Ultimate Un-Carrier: Raising All Visors!

Internet Network Touchpoints

Since its beginning, the Internet as a system of systems has enjoyed unparalleled success as a powerful means of telecommunication. It is blazing fast, its infrastructure reaches even the most remote places on earth, and its design principles have shown to be quite robust. However, the opportunities that lie ahead of us will make greater demands on the Internet than being able to transfer emails or pictures. Already, well-connected societies have gotten used to video on-demand subscriptions, the streaming of major live events, and a ubiquitous IP capability of new devices. We may venture to project some trends:

  • More connected things: More and more devices that have IP capabilities will find there ways into supply chains and homes. The current number of ~5bn units will grow four times to ~20bn units by 2020 (Gartner).
  • More dynamic communication: The formerly unconnected-now-being-connected will more frequently communicate in real-time, which enables “dramatically faster cycle times” and “highly dynamic processes” (DHL, Cisco). In addition, various trends have pointed out that people are always on the move and need to be constantly in control of their physical devices while not being present at the source (Forbes).
  • More traffic – delivered mostly by CDNs: IP traffic will grow at a compound annual growth rate (CAGR) of 23% from 2014 to 2019 (Cisco). An estimated 62% of all internet traffic will cross CDNs by 2019 globally, up from 39% in 2014  (Cisco).  The 50% mark was surpassed in 2013 for internet consumer traffic in the US having been delivered by CDNs (Streamingmedia, Deepfield).

The last point highlights the importance of Content Delivery Networks (CDNs) in transporting content to the end user – in the right quality. The main idea behind this technique is to geographically distribute servers and then place content replicas on subsets of the server infrastructure (step 1: “generate abundance”).  The second important step is then – whenever a user requests content—to select the “best” server to serve the content to the user. “Best” can relate to different parameters – a geographically close server may offer great latency, but can still be heavily utilized. Gathering the right information and making a well-informed decision is a CDN’s important step 2: “select a server”.

No serious web-based business today can do without some sort of CDN technique. This is reflected by the enormous share of global IP traffic crossing CDNs and the strong diversification that has occurred in the CDN space (Network World). Although, what  the discussions around web performance techniques have largely neglected is the role of Internet Service Providers (ISP), who actually supply and manage the physical networks. Who would have thought that IP packets still have to pass the networks of the Verizons, AT&Ts, Telefónicas, British Telecoms, Oranges, Deutsche Telekoms, and China Telecoms (just to name a few) in this world. Every CDN (or any other performance improving technique) inevitably needs to interconnect with an ISP in order to be eventually networked to the end user. Furthermore, it is at this very frontier between the ISP and CDN universes where we actually observe a certain kind of idleness. An idleness, which, of course, breeds … opportunity.

Technical University of Berlin revealed that ~50% of server selections made by CDNs assign a suboptimal server to an end user (see the paper here).

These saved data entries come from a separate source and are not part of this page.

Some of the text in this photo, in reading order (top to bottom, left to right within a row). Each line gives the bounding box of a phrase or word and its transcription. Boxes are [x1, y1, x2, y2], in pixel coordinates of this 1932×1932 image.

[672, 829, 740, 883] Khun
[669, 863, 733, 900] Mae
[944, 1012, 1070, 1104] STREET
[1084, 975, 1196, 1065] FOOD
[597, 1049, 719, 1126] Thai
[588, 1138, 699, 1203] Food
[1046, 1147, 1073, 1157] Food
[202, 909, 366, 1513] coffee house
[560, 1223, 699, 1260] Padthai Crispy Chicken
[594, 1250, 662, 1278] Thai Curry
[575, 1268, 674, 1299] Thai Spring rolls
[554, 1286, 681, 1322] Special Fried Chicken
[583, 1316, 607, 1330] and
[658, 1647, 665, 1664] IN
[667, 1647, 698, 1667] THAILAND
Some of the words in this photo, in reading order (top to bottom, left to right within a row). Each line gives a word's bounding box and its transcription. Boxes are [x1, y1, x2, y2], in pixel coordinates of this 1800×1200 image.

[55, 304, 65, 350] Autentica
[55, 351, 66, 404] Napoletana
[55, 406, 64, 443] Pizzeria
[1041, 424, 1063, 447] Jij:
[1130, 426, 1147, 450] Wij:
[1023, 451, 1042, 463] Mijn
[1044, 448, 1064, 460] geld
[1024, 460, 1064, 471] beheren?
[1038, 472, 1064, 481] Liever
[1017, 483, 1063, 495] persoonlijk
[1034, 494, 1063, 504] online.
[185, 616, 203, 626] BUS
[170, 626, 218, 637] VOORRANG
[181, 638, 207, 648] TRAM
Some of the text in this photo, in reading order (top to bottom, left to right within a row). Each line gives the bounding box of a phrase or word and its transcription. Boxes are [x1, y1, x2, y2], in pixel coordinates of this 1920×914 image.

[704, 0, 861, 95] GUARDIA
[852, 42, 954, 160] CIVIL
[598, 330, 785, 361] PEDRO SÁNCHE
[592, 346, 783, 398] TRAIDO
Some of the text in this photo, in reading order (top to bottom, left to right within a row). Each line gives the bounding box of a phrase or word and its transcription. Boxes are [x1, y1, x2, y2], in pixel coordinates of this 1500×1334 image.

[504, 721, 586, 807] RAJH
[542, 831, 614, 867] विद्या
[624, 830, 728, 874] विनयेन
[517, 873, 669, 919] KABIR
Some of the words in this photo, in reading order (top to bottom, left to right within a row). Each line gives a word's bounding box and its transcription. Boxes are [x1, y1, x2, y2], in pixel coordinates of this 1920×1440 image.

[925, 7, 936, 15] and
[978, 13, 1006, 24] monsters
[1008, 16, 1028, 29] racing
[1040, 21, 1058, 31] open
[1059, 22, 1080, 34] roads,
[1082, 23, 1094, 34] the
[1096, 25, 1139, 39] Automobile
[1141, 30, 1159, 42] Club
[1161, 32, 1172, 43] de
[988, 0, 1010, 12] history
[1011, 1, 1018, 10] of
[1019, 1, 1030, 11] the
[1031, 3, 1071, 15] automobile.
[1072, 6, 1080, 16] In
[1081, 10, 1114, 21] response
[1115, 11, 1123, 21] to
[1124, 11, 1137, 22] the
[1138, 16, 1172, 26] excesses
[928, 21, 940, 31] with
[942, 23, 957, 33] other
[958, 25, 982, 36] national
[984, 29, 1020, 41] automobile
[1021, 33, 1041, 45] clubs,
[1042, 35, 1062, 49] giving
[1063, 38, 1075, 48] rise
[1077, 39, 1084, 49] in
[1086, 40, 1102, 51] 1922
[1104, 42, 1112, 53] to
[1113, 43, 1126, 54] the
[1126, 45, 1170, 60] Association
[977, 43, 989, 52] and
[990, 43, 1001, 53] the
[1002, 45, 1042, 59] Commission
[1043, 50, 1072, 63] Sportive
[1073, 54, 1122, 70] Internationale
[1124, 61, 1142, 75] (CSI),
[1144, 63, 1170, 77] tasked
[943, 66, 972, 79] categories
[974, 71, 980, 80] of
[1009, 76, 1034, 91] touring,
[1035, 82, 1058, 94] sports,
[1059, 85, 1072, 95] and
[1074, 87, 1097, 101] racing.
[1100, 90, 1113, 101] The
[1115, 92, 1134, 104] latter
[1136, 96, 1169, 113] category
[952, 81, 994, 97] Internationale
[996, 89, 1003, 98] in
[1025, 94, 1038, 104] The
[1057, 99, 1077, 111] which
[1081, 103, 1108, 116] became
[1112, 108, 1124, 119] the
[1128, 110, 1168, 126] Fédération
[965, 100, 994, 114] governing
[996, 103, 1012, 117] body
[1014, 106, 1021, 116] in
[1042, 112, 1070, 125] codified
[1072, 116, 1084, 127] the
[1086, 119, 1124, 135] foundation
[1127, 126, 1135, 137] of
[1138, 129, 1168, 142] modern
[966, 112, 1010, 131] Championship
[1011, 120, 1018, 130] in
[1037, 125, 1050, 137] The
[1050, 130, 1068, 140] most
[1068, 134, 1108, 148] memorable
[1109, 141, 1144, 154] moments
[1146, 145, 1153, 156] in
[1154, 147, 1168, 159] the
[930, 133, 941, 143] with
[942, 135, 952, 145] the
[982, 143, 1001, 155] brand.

That means the network path between server and end user could either have been shorter, less utilized, more reliable, etc. The reason for this mismatch is obvious: CDNs just cannot see in real-time what the conditions at the edge or in the ISP network really are (not to mention what they will be). The two subsystems (CDN | ISP) are shielded from one another by design of current internet protocols. This does not mean that the information for alignment is non-existing. ISPs literally sit on it – the information is currently just not accessible or ready for use. This is a huge unexcavated potential which, if elevated, would significantly improve the quality of delivery and drastically reduce network Opex and Capex. The core idea is created from the observed “darkness” of ISP networks: shed light on network state information and provide it to all content delivery partners in the internet ecosystem, i.e. Raising All Visors!

BENOCS has implemented the idea and is already running its solution in a major European Tier 1 backbone network. Centrally collecting network inventory and performance information in real-time continuously feeds and updates our data engine. Exploiting NetFlow, IS-IS, OSPF, SNMP, DNS, among other protocols, provides the basis for our optimization and network state prediction algorithms. These “network state maps” are offered via standard API in a high frequency manner to CDNs, but are also branched off to internal units for Business Intelligence (BI). The benefits are clear: if a major ISP engages in this symbiotic communication with just its top 5 CDNs (by volume), peak link utilization in the network is sustainably lowered by ~30% (drastically driving down projected Capex figures for planned network capacity), and customer segments with mediocre delay numbers are almost entirely shifted into the sweet regions below 75 milliseconds.

Therefore, tear down the artificial walls for network-aware, smart content delivery: Raising All Visors!